▶ [Material for the task]

======

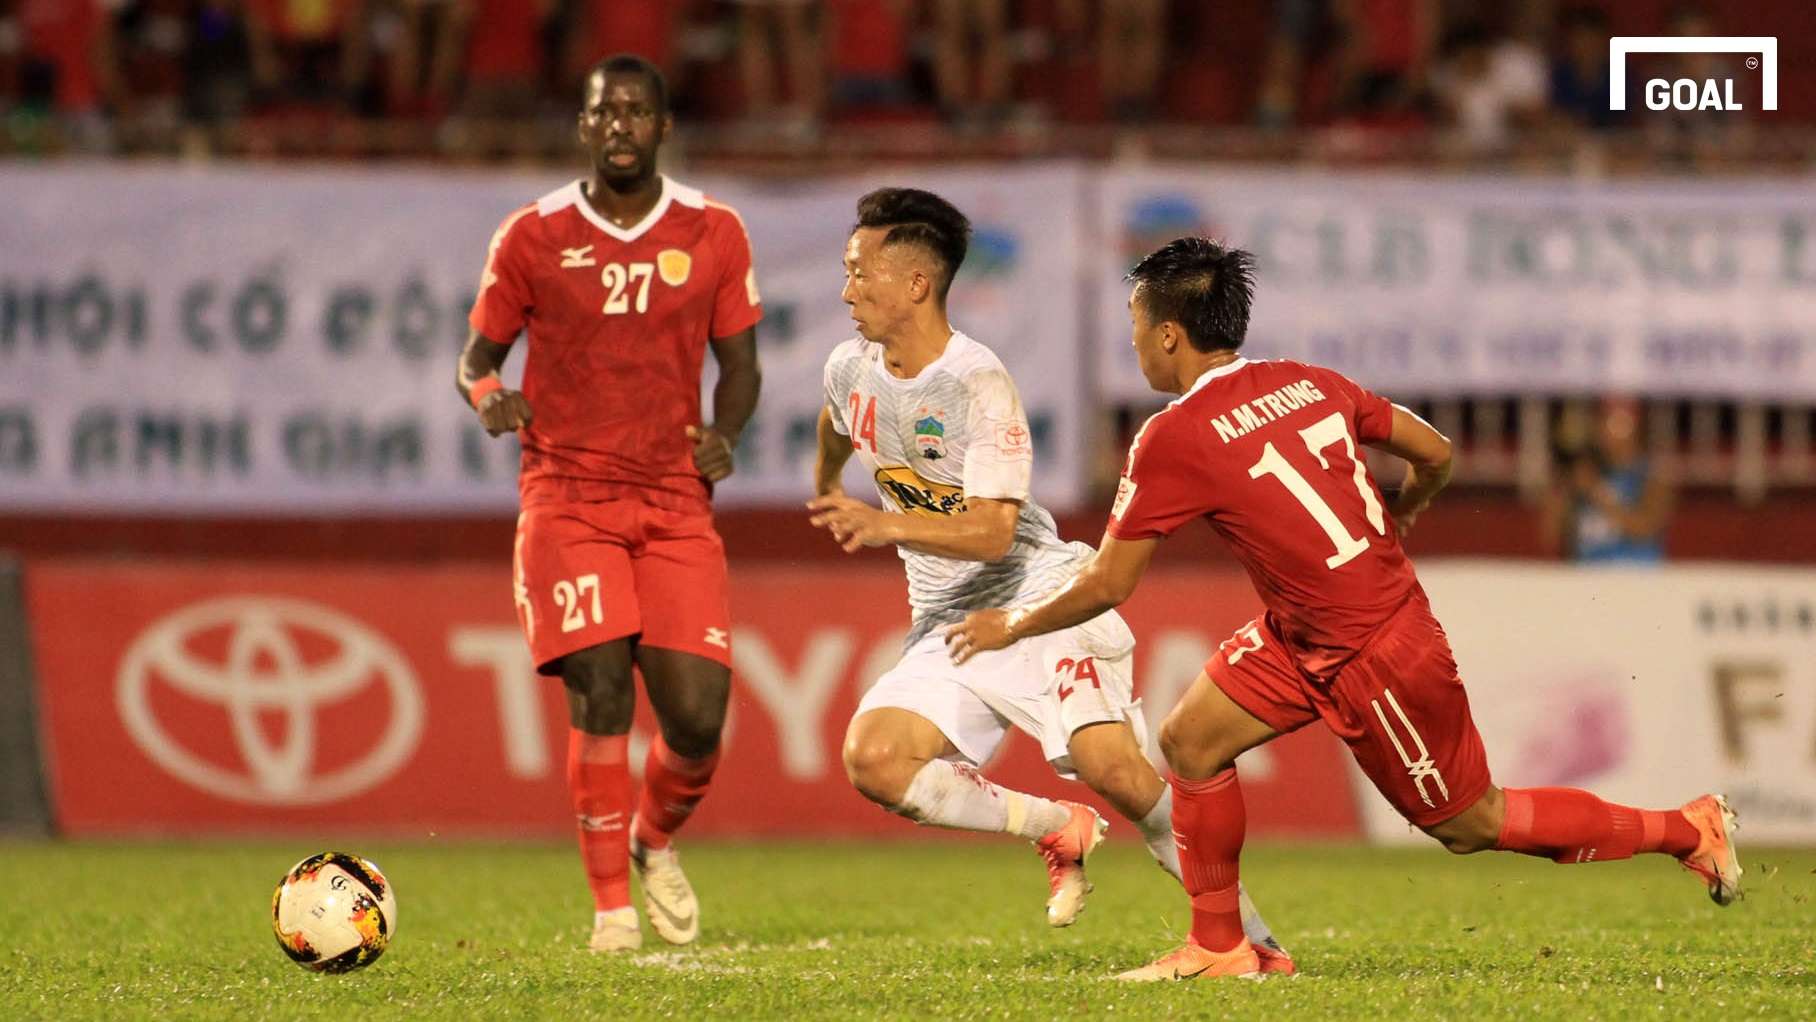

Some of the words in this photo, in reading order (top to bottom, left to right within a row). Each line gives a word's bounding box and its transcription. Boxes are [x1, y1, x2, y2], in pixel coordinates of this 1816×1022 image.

[601, 262, 654, 315] 27
[849, 392, 877, 454] 24
[1211, 378, 1326, 444] N.M.TRUNG
[1248, 411, 1386, 570] 17
[553, 573, 603, 633] 27
[1055, 656, 1101, 702] 24

======

▶ [What the task asks]
Print each entry precisely as written; the pictures stay out.

▶ [Written answer]
Some of the words in this photo, in reading order (top to bottom, left to right within a row). Each line gives a word's bounding box and its transcription. Boxes are [x1, y1, x2, y2], in pixel coordinates of this 1816×1022 image.

[601, 262, 654, 315] 27
[849, 392, 877, 454] 24
[1211, 378, 1326, 444] N.M.TRUNG
[1248, 411, 1386, 570] 17
[553, 573, 603, 633] 27
[1055, 656, 1101, 702] 24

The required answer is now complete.